[Opening The input section]

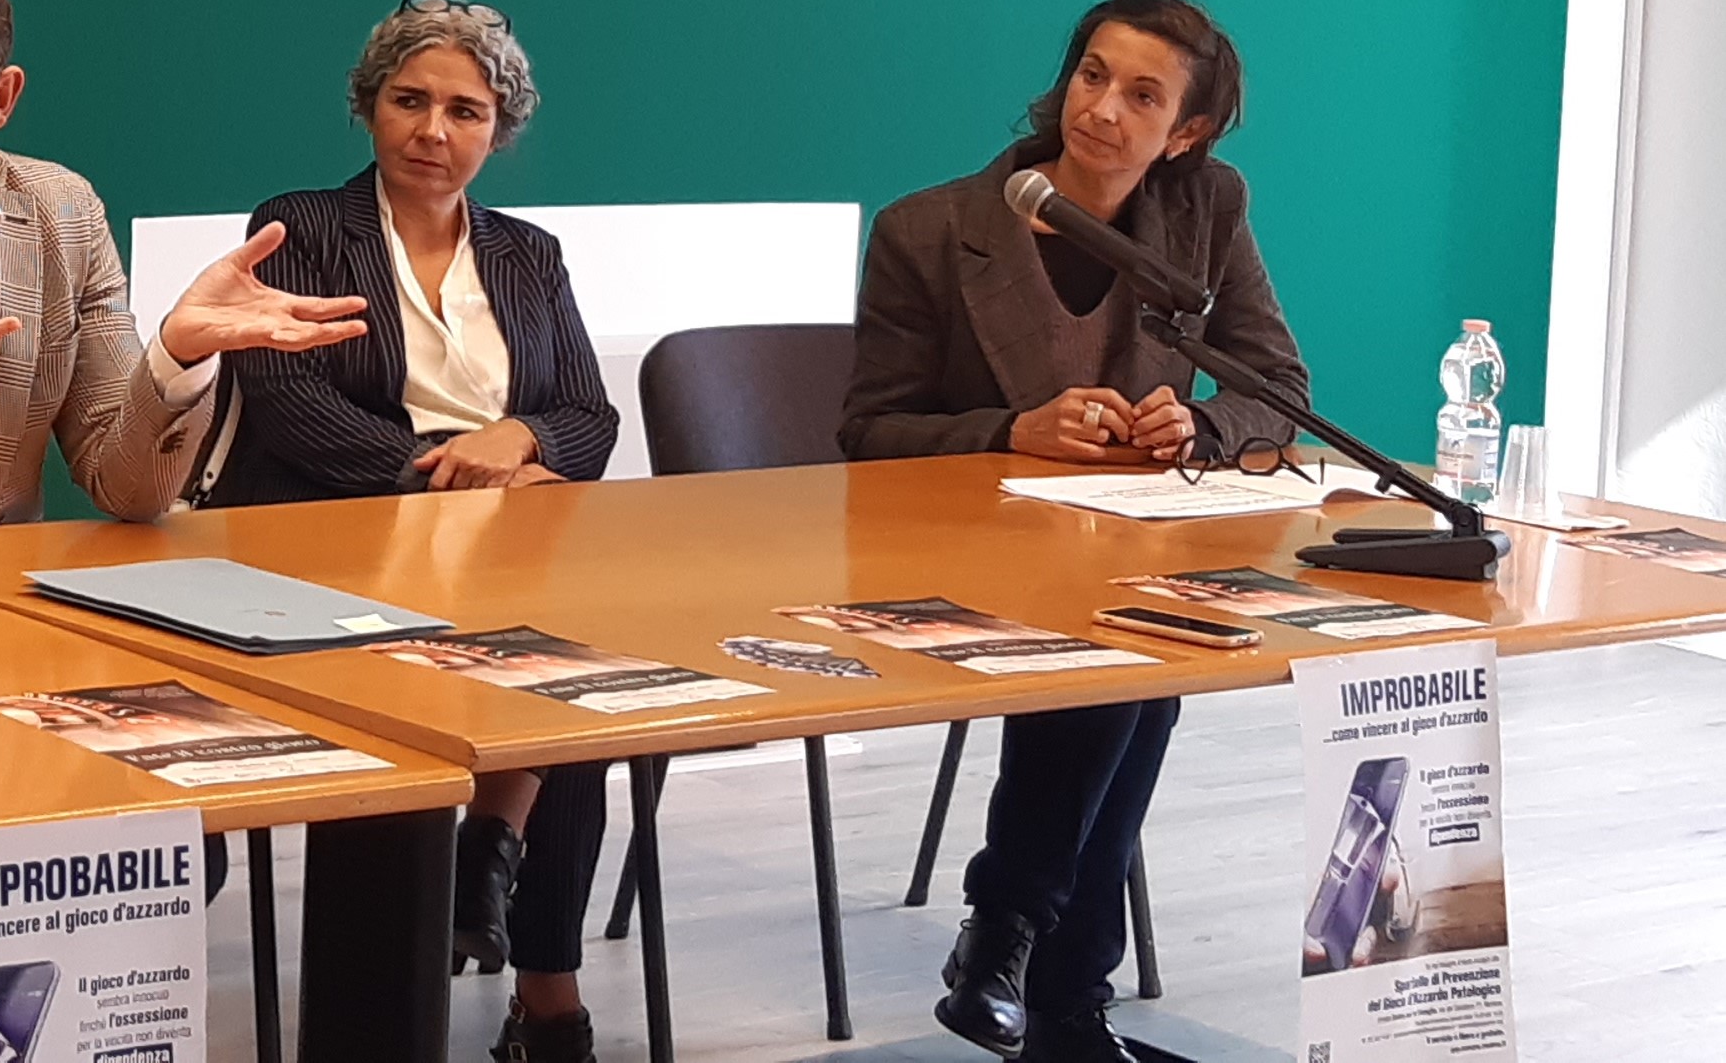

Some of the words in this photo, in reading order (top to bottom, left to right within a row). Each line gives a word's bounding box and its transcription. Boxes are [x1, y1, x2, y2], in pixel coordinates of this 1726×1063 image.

[1340, 668, 1486, 717] IMPROBABILE
[1401, 717, 1410, 733] al
[45, 912, 61, 931] al
[66, 908, 108, 934] gioco
[113, 896, 190, 922] d'azzardo
[78, 976, 87, 992] Il
[90, 975, 124, 996] gioco
[126, 965, 190, 986] d'azzardo
[109, 1006, 188, 1028] l'ossessione

[Closing The input section]

Work instructions
The records above are to be transcribed exactly, with every picture left out.

Solution
Some of the words in this photo, in reading order (top to bottom, left to right within a row). Each line gives a word's bounding box and its transcription. Boxes are [x1, y1, x2, y2], in pixel coordinates of this 1726×1063 image.

[1340, 668, 1486, 717] IMPROBABILE
[1401, 717, 1410, 733] al
[45, 912, 61, 931] al
[66, 908, 108, 934] gioco
[113, 896, 190, 922] d'azzardo
[78, 976, 87, 992] Il
[90, 975, 124, 996] gioco
[126, 965, 190, 986] d'azzardo
[109, 1006, 188, 1028] l'ossessione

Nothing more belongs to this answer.